Task objective
All entries below must be output word for word, and the pictures left behind.

Dataset records
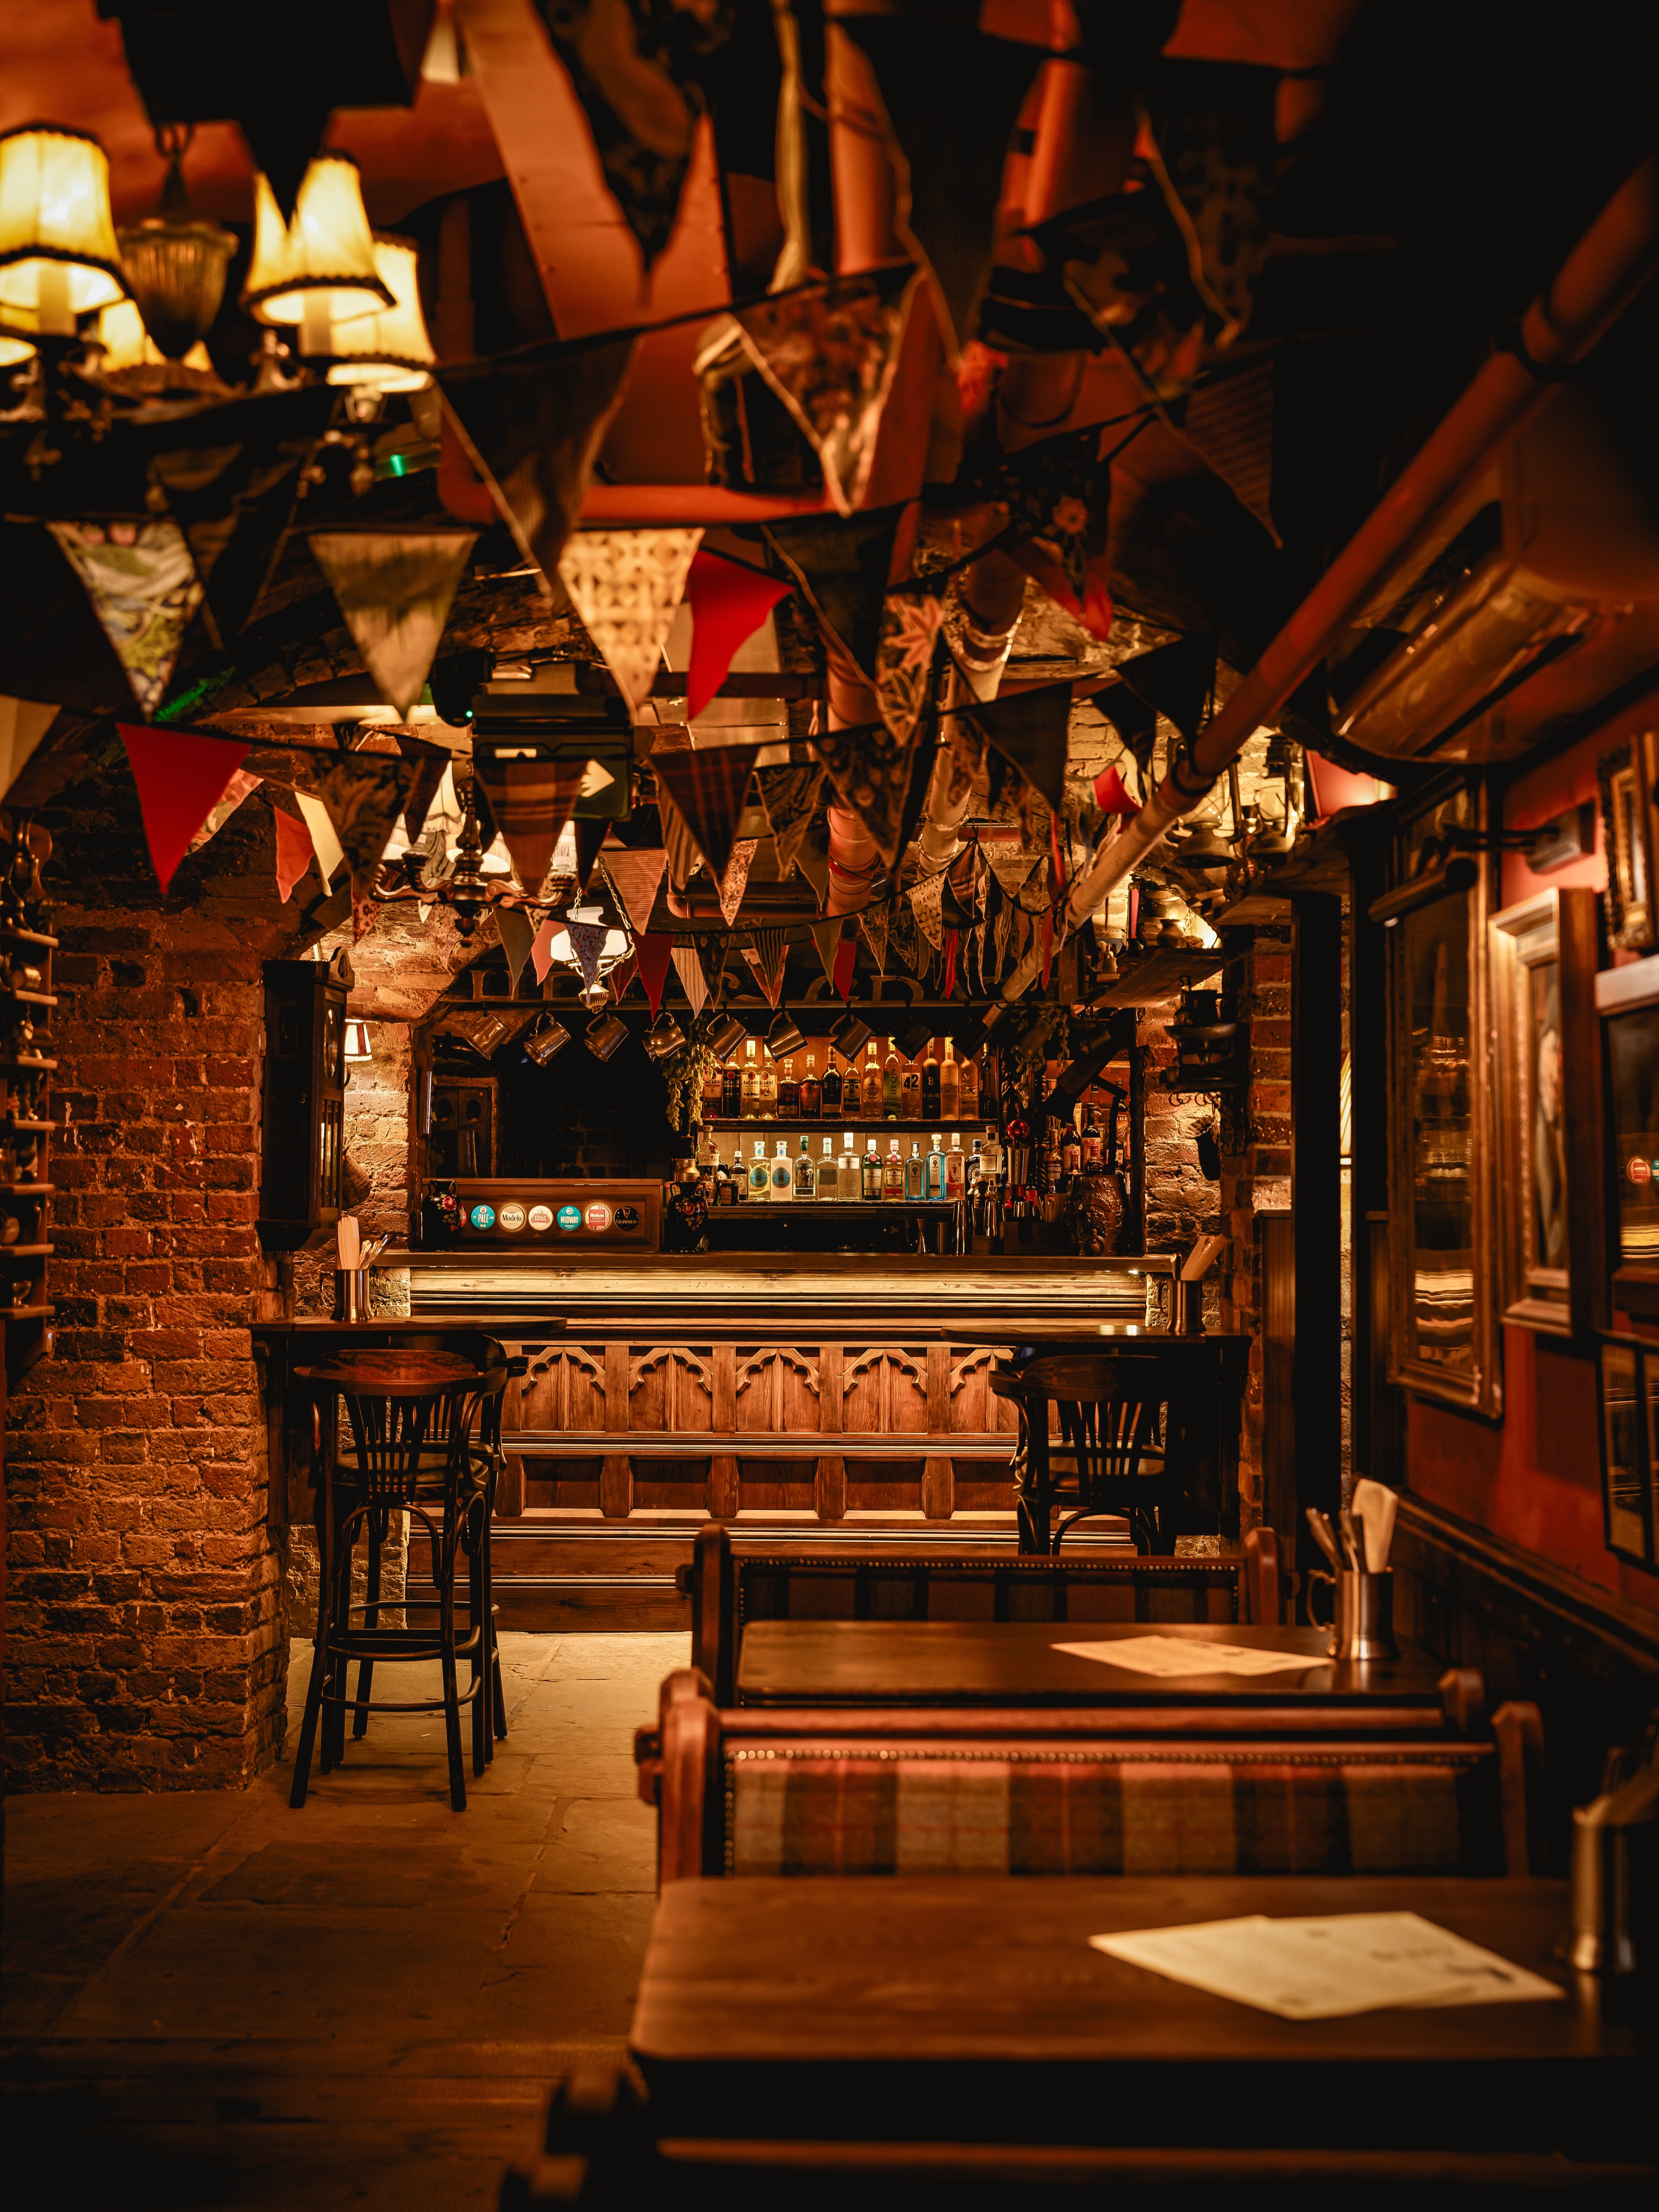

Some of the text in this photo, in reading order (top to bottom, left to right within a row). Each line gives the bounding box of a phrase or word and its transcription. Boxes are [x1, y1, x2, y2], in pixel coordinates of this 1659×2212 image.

[903, 1074, 919, 1089] 42
[928, 1076, 934, 1085] B
[968, 1164, 979, 1179] PLYMOUTH
[478, 1213, 489, 1223] PALE

Answer to this exercise
Some of the text in this photo, in reading order (top to bottom, left to right within a row). Each line gives the bounding box of a phrase or word and its transcription. Boxes are [x1, y1, x2, y2], in pixel coordinates of this 1659×2212 image.

[903, 1074, 919, 1089] 42
[928, 1076, 934, 1085] B
[968, 1164, 979, 1179] PLYMOUTH
[478, 1213, 489, 1223] PALE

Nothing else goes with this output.